• [INPUT RECORDS]
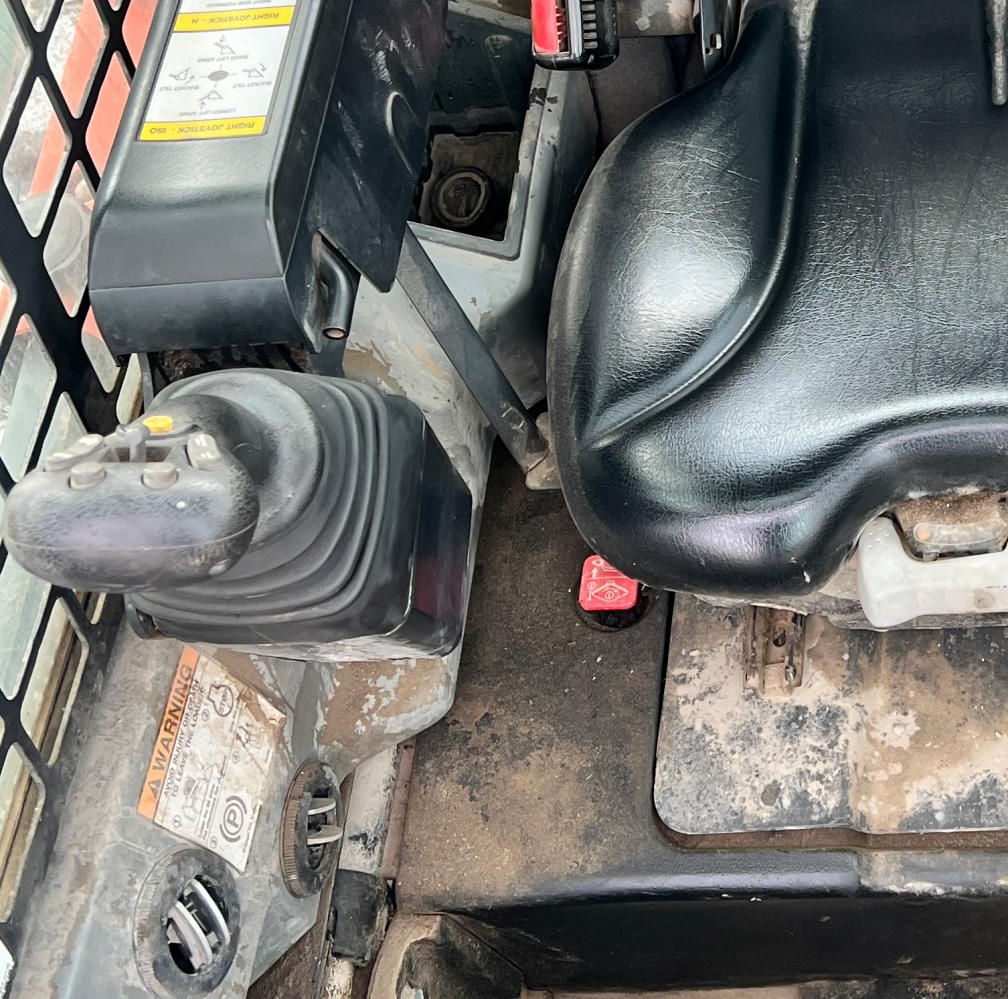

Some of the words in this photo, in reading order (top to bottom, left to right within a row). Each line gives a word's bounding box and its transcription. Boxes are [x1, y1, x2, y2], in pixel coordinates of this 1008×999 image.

[207, 15, 251, 23] JOYSTICK
[253, 12, 278, 20] RIGHT
[176, 124, 224, 133] JOYSTICK
[225, 121, 254, 130] RIGHT
[151, 663, 193, 774] WARNING
[162, 766, 175, 796] AVOID
[171, 729, 185, 764] INJURY
[182, 712, 190, 727] OR
[186, 678, 199, 710] DEATH
[171, 785, 178, 797] TO
[175, 750, 188, 782] LEAVE
[184, 728, 194, 748] THE
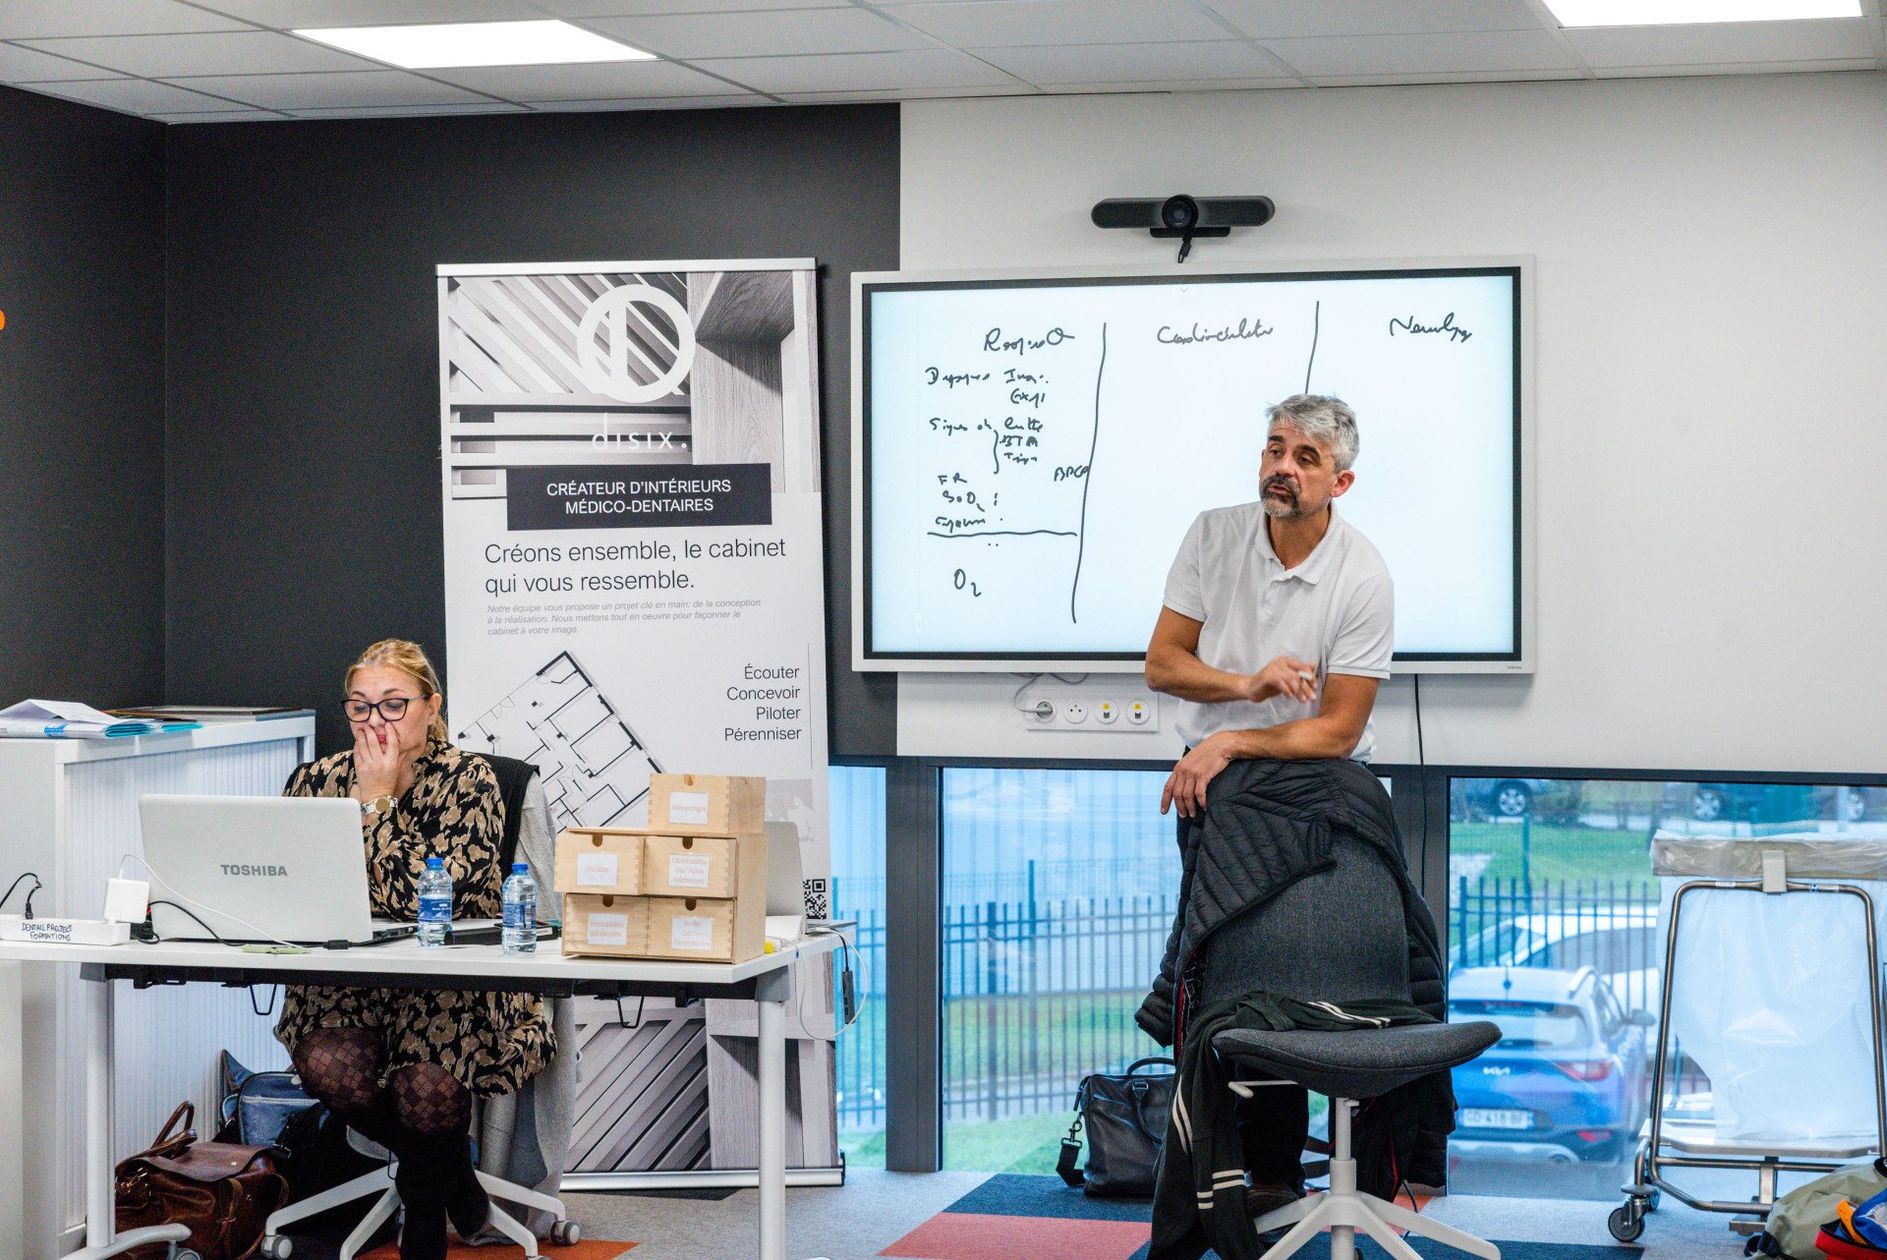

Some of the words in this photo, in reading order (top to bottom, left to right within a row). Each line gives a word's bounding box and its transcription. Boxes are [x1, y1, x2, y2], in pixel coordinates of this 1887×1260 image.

[547, 480, 626, 496] CRÉATEUR
[630, 478, 732, 494] D'INTÉRIEURS
[565, 498, 714, 514] MÉDICO-DENTAIRES
[484, 543, 562, 564] Créons
[568, 540, 677, 562] ensemble,
[684, 540, 703, 559] le
[708, 538, 787, 558] cabinet
[485, 574, 518, 598] qui
[523, 575, 574, 592] vous
[580, 570, 696, 591] ressemble.
[487, 604, 511, 614] Notre
[512, 603, 541, 615] équipe
[544, 604, 563, 612] vous
[564, 602, 600, 613] propose
[602, 602, 613, 611] un
[614, 600, 639, 612] projet
[655, 601, 666, 609] en
[692, 599, 704, 608] de
[705, 599, 714, 608] la
[715, 598, 762, 610] conception
[494, 615, 503, 624] la
[550, 613, 574, 623] Nous
[575, 612, 610, 623] mettons
[611, 611, 628, 621] tout
[629, 612, 640, 621] en
[672, 611, 692, 622] pour
[694, 609, 732, 622] façonner
[733, 609, 741, 618] le
[487, 625, 519, 636] cabinet
[528, 626, 551, 635] votre
[744, 663, 800, 680] Écouter
[726, 685, 801, 701] Concevoir
[755, 706, 802, 720] Piloter
[724, 726, 802, 742] Pérenniser
[220, 864, 289, 877] TOSHIBA

• [THE PROBLEM] Print the records verbatim, without pictures.

• [SOLUTION TO THIS PROBLEM]
Some of the words in this photo, in reading order (top to bottom, left to right within a row). Each line gives a word's bounding box and its transcription. Boxes are [x1, y1, x2, y2], in pixel coordinates of this 1008×999 image.

[207, 15, 251, 23] JOYSTICK
[253, 12, 278, 20] RIGHT
[176, 124, 224, 133] JOYSTICK
[225, 121, 254, 130] RIGHT
[151, 663, 193, 774] WARNING
[162, 766, 175, 796] AVOID
[171, 729, 185, 764] INJURY
[182, 712, 190, 727] OR
[186, 678, 199, 710] DEATH
[171, 785, 178, 797] TO
[175, 750, 188, 782] LEAVE
[184, 728, 194, 748] THE

Some of the words in this photo, in reading order (top to bottom, left to right within a row). Each line gives a word's bounding box and its transcription. Boxes are [x1, y1, x2, y2], in pixel coordinates of this 1887×1260 image.

[547, 480, 626, 496] CRÉATEUR
[630, 478, 732, 494] D'INTÉRIEURS
[565, 498, 714, 514] MÉDICO-DENTAIRES
[484, 543, 562, 564] Créons
[568, 540, 677, 562] ensemble,
[684, 540, 703, 559] le
[708, 538, 787, 558] cabinet
[485, 574, 518, 598] qui
[523, 575, 574, 592] vous
[580, 570, 696, 591] ressemble.
[487, 604, 511, 614] Notre
[512, 603, 541, 615] équipe
[544, 604, 563, 612] vous
[564, 602, 600, 613] propose
[602, 602, 613, 611] un
[614, 600, 639, 612] projet
[655, 601, 666, 609] en
[692, 599, 704, 608] de
[705, 599, 714, 608] la
[715, 598, 762, 610] conception
[494, 615, 503, 624] la
[550, 613, 574, 623] Nous
[575, 612, 610, 623] mettons
[611, 611, 628, 621] tout
[629, 612, 640, 621] en
[672, 611, 692, 622] pour
[694, 609, 732, 622] façonner
[733, 609, 741, 618] le
[487, 625, 519, 636] cabinet
[528, 626, 551, 635] votre
[744, 663, 800, 680] Écouter
[726, 685, 801, 701] Concevoir
[755, 706, 802, 720] Piloter
[724, 726, 802, 742] Pérenniser
[220, 864, 289, 877] TOSHIBA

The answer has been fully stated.